Task goal: Please give the entries again in full and exactly, without any picture.

Collected data:
++++++++

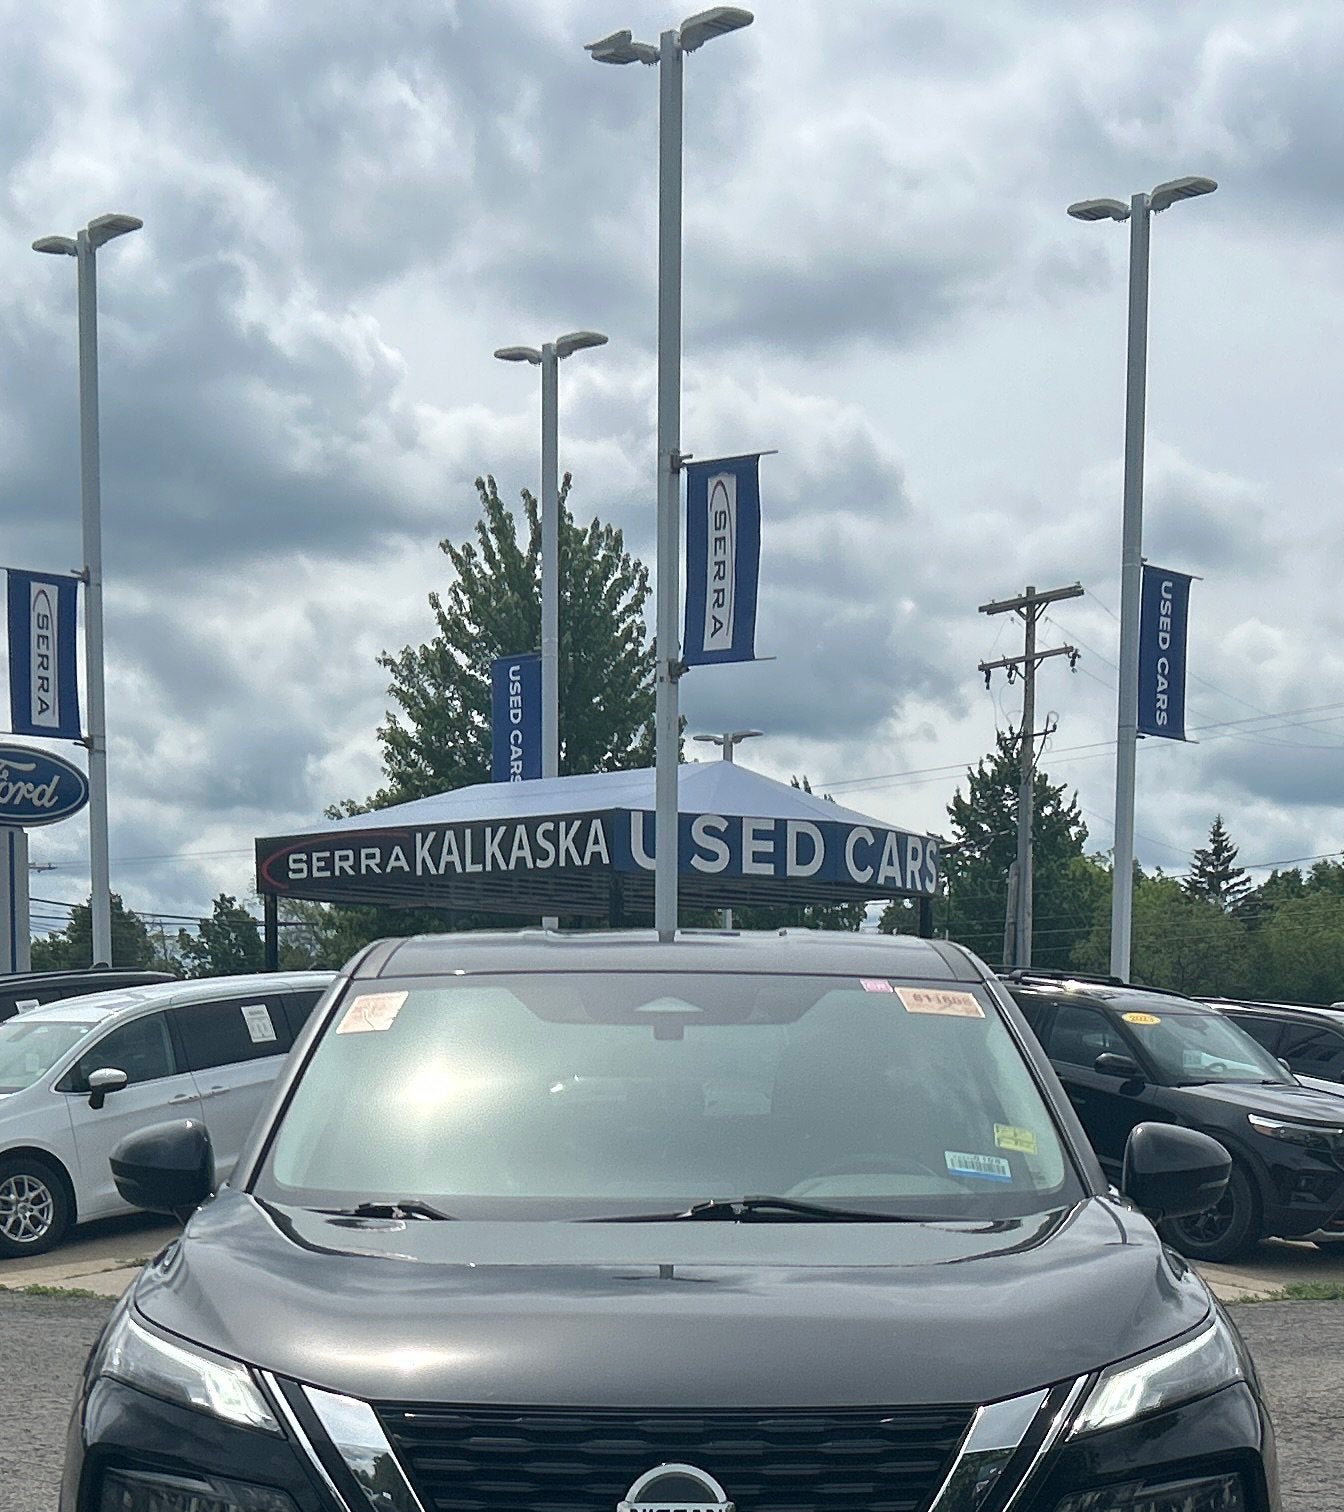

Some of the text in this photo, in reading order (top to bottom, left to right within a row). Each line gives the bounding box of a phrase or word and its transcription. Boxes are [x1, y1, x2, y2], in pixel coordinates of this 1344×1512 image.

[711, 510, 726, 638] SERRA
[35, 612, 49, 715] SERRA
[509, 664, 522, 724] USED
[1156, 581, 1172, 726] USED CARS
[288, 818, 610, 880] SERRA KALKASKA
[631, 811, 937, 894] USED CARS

++++++++

Answer below:
Some of the text in this photo, in reading order (top to bottom, left to right within a row). Each line gives the bounding box of a phrase or word and its transcription. Boxes are [x1, y1, x2, y2], in pixel coordinates of this 1344×1512 image.

[711, 510, 726, 638] SERRA
[35, 612, 49, 715] SERRA
[509, 664, 522, 724] USED
[1156, 581, 1172, 726] USED CARS
[288, 818, 610, 880] SERRA KALKASKA
[631, 811, 937, 894] USED CARS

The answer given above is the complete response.